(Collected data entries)
# # # #

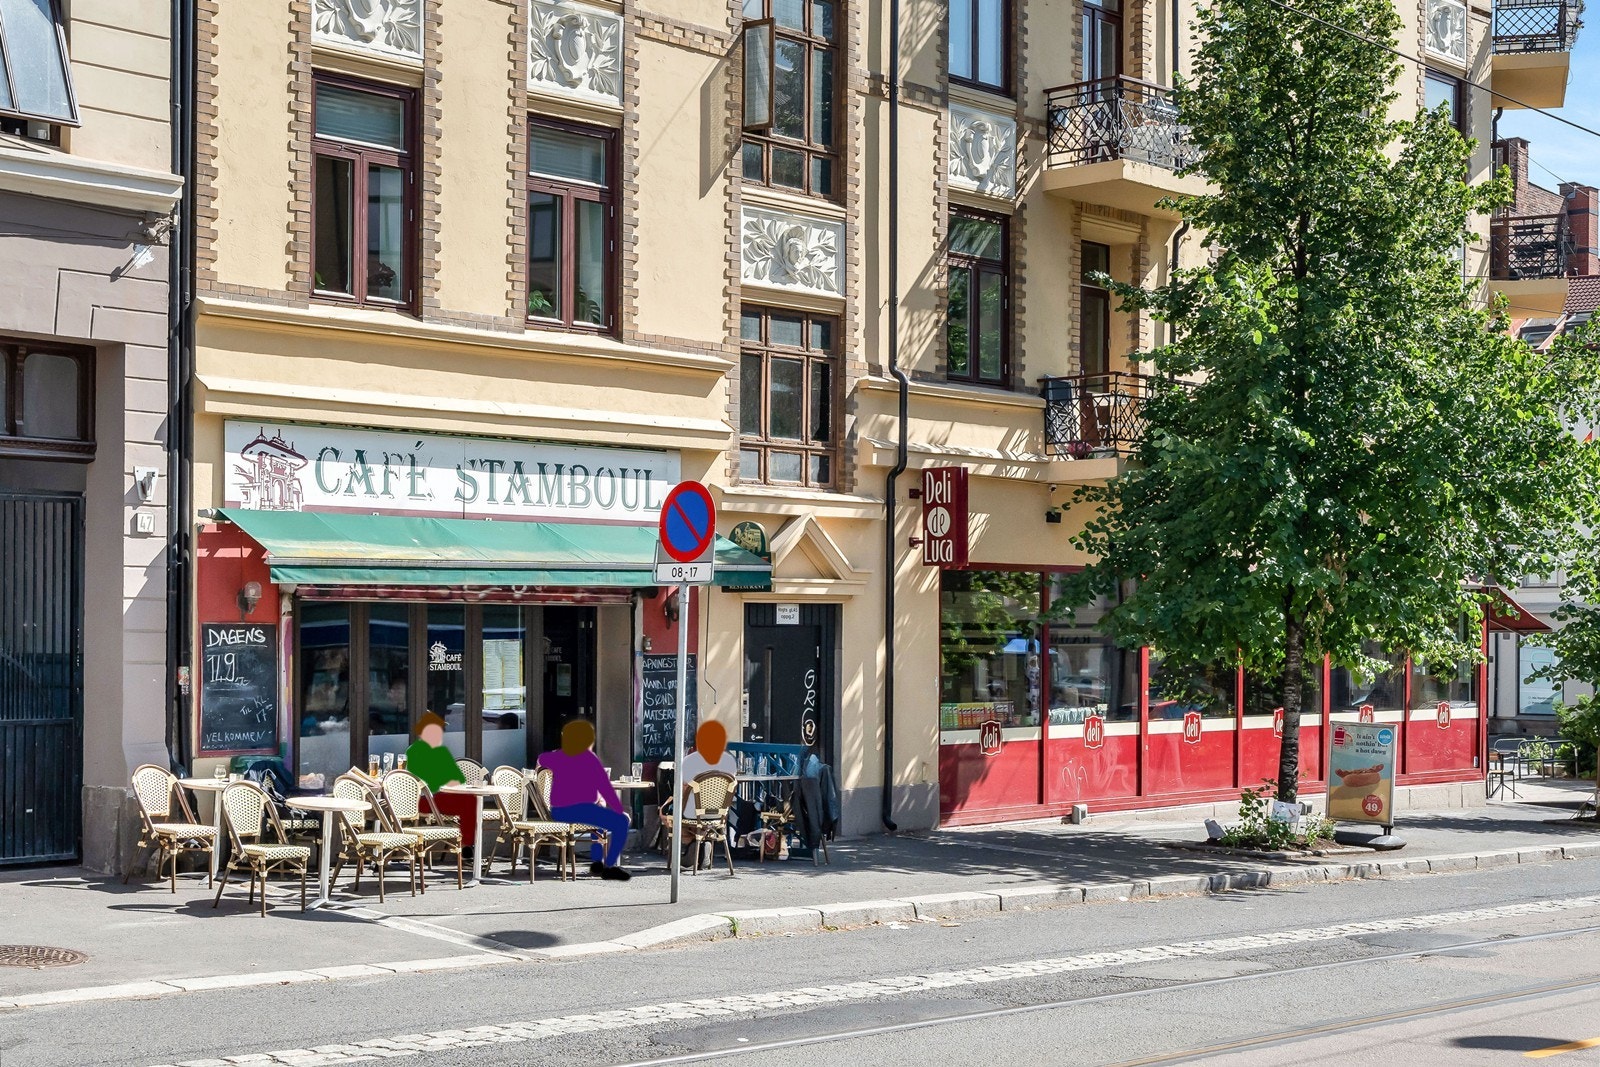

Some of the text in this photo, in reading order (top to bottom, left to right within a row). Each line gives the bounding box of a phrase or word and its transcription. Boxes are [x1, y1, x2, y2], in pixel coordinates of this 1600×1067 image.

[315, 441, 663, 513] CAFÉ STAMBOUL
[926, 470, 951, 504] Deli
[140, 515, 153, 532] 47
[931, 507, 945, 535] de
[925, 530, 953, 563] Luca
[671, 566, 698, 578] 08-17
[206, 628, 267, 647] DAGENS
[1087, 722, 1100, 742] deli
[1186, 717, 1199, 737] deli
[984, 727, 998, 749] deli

# # # #

* [Try it]:
Any picture in the data is to be skipped, while each line is returned exactly as written.

* [Written solution]:
Some of the text in this photo, in reading order (top to bottom, left to right within a row). Each line gives the bounding box of a phrase or word and its transcription. Boxes are [x1, y1, x2, y2], in pixel coordinates of this 1600×1067 image.

[315, 441, 663, 513] CAFÉ STAMBOUL
[926, 470, 951, 504] Deli
[140, 515, 153, 532] 47
[931, 507, 945, 535] de
[925, 530, 953, 563] Luca
[671, 566, 698, 578] 08-17
[206, 628, 267, 647] DAGENS
[1087, 722, 1100, 742] deli
[1186, 717, 1199, 737] deli
[984, 727, 998, 749] deli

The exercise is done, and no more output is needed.